Osvaldo Hurtado Larrea
Quito, Ecuador
El 29 de junio de 1994, en la Pontificia Universidad Católica del Ecuador, participé en la presentación de la cuarta edición del libro Derecho territorial ecuatoriano escrito por el ex canciller Julio Tobar Donoso y el diplomático Alfredo Luna Tobar.[1] En mi intervención, en lugar de referirme al contenido de tan importante obra, bastante conocida, examiné la responsabilidad atribuida al canciller Tobar Donoso y al Protocolo de Río de Janeiro, en la reducción del patrimonio amazónico del Ecuador y en el alejamiento del río-mar que una expedición quiteña había descubierto en la Colonia.
Las evidencias demostraban lo contrario. Buena parte de dichos territorios comenzaron a perderse en el transcurso del siglo XIX y en el primer tercio del siglo XX, por la lenidad de los ecuatorianos para estructurar un Estado que mereciera ese nombre y el desinterés de los gobiernos en desarrollar el atrasado Ecuador. Debido a estas razones el país no dispuso de recursos económicos y de los medios castrenses y diplomáticos requeridos para preservar la integridad territorial de la nación.
Esta reflexión, por entonces políticamente incorrecta, me parecía indispensable porque la derrota militar del año 1941 en la frontera sur y la diplomática de 1942 en Río de Janeiro, no hicieron otra cosa que consagrar jurídicamente los actos posesorios realizados por el Perú en los territorios sitiados al norte del río Amazona. Hasta entonces poco o nada había hecho el Ecuador para impedirlo, debido al rezago económico, el inveterado desorden político, la debilidad extrema de las Fuerzas Armadas y la escasa influencia internacional del país, problemas dramáticamente empeorados en la década anterior a la invasión peruana de las provincias de El Oro y Loja. En vista de ello me parecía históricamente deleznable, además de injusto, atribuir la responsabilidad de la tragedia territorial del Ecuador al gobierno del presidente Carlos Arroyo del Río y a la gestión del canciller Julio Tobar Donoso.

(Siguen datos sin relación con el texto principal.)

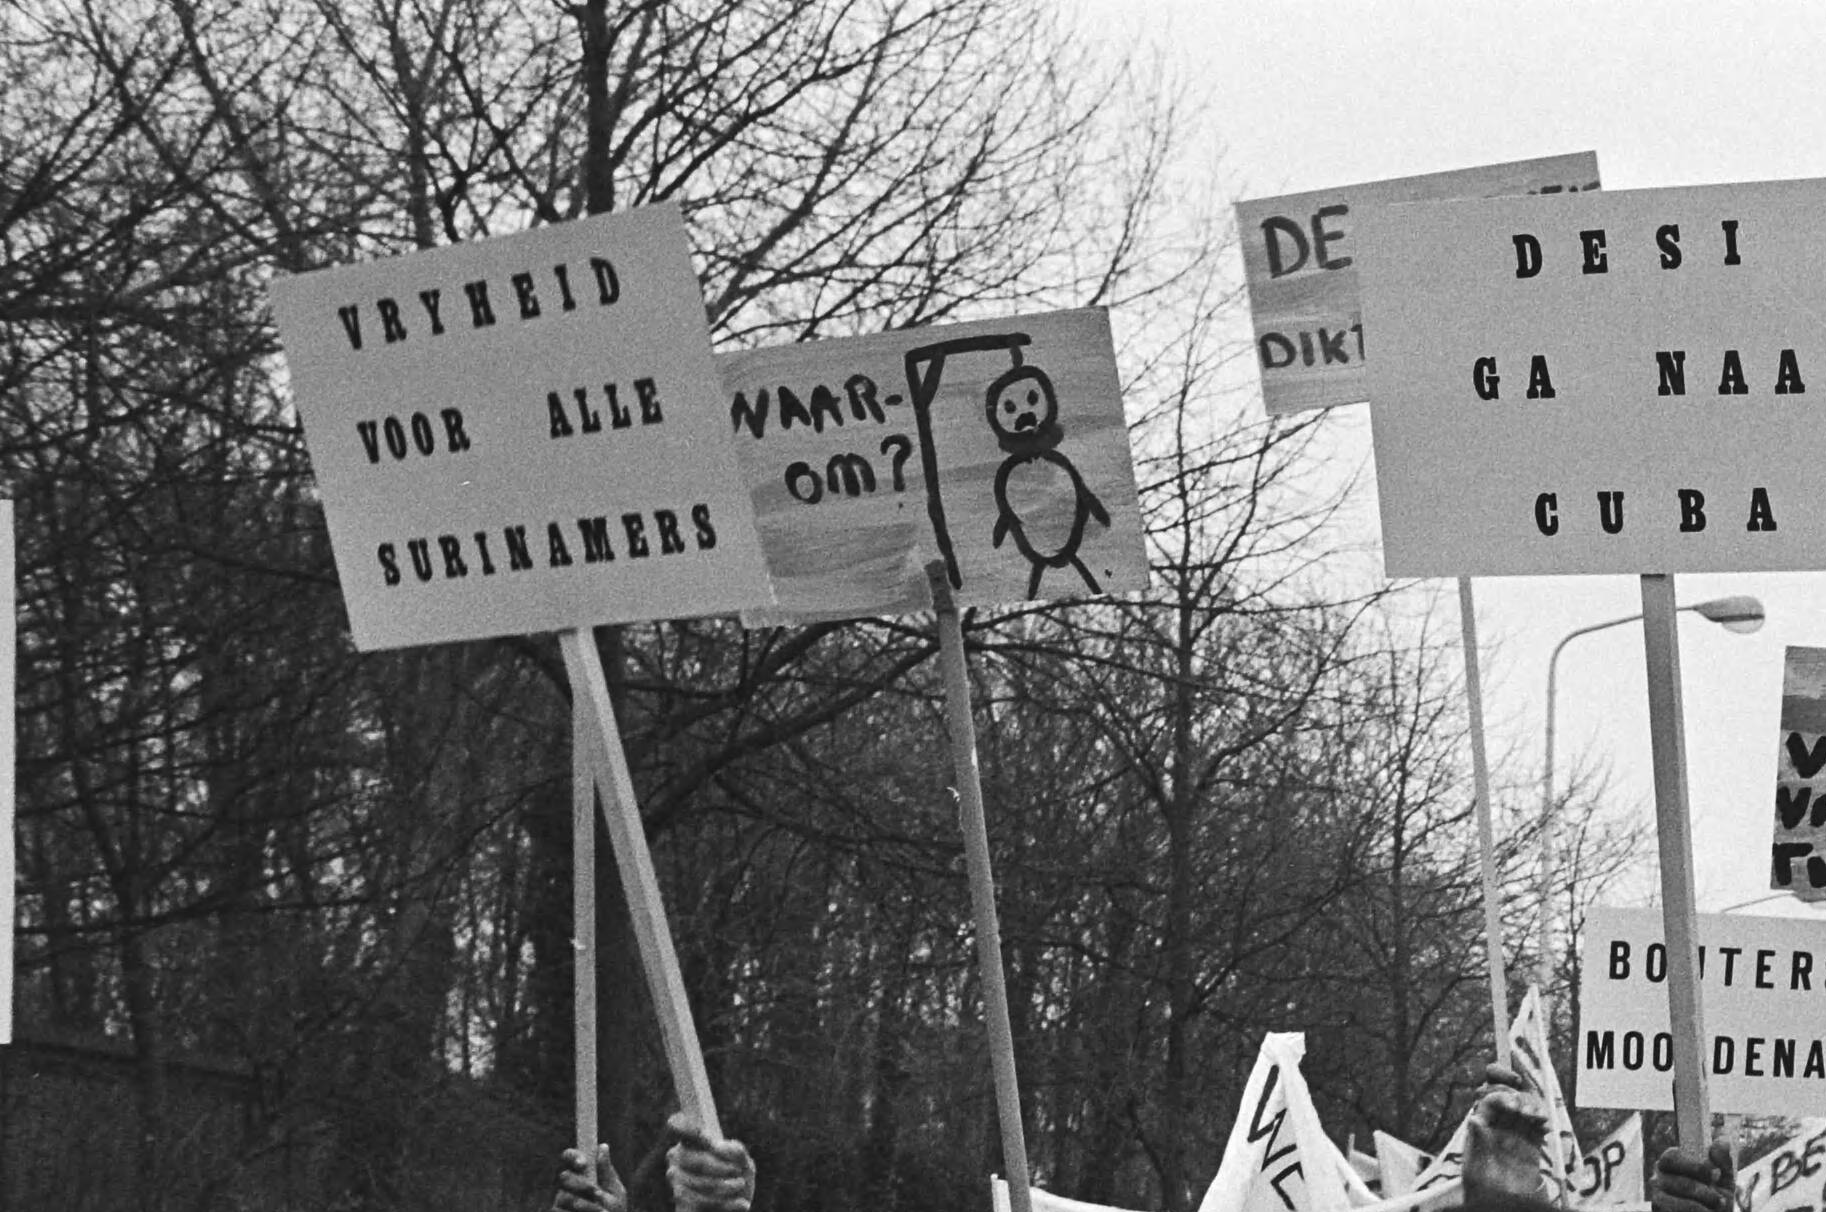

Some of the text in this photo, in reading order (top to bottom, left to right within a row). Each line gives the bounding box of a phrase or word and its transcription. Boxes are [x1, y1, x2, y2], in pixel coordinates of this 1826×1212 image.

[1511, 219, 1742, 279] DESI
[338, 257, 621, 351] VRYHEID
[1472, 354, 1556, 401] GA
[356, 376, 664, 464] VOOR ALLE
[377, 503, 717, 586] SURINAMERS
[1533, 486, 1777, 536] CUBA

La economía, que ya sufría una aguda crisis desde 1921, por la caída de la producción y ventas de cacao, a principios de la década siguiente primero estuvo en recesión, luego estancada y solo consiguió crecer levemente poco antes de 1941. El Estado, en consecuencia, careció de recursos financieros para atender las necesidades de la defensa nacional, pertrechar a la fuerza terrestre y organizar un ejército capaz de defender el territorio nacional. Los pocos destacamentos que el Ecuador tenía en la frontera sur con el Perú eran precarias chozas, inadecuadas para propósitos militares, que apenas servían para guarecer de la intemperie a los soldados. Los mandos no tenían oficiales graduados en academias de Estado Mayor y la tropa carecía de armas y medios que le permitieran defender sus posiciones y atacar las de enemigo. Tampoco contaba con caminos que facilitaran la movilización de los efectivos militares y su abastecimiento, los cuales ni siquiera disponía de alimentos, vestido y calzado adecuados. La Fuerza Aérea era un arma inexistente pues no poseía aviones de combate; algo parecido sucedía con la Fuerza Naval, conformada por tres barcos inútiles para librar batallas marítimas, por ser embarcaciones comunes adaptadas precariamente para operaciones bélicas.[2] En cambio la infantería y la caballería peruana estaban muy bien pertrechadas, incluso con ametralladoras, el número de efectivos superaba en relación uno a trece al ejército ecuatoriano y la fuerza terrestre recibía la protección de aviones bombarderos, que aterrorizaban a los soldados ecuatorianos con sus incursiones aéreas.[3]
Desde la fundación de la República el debate nacional se agotó en luchas intestinas que consumieron las pocas energías positivas desplegadas por el país, en ocasiones tan irreductibles que le sumieron en el caos y la anarquía, problema que empeoró severamente en los años treinta. En esta década ejercieron el poder dieciséis presidentes, dictadores o encargados de la primera magistratura y en 1933, en el corto lapso de sesenta y cinco días, doce ciudadanos ocuparon la cartera de Relaciones Exteriores, como titulares o interinos.[4] Esta extrema inestabilidad política y las luchas facciosas e irreconciliables de partidos y grupos políticos impidieron la conformación de gobiernos responsables, competentes y previsivos, que promovieran el desarrollo nacional y protegieran las fronteras patrias. Además truncaron las carreras militares de oficiales distinguidos, desmantelaron los mandos de las Fuerzas Armadas e impidieron que la Cancillería estuviera en condiciones de definir y ejecutar una política territorial de largo plazo, necesaria para que produjera frutos.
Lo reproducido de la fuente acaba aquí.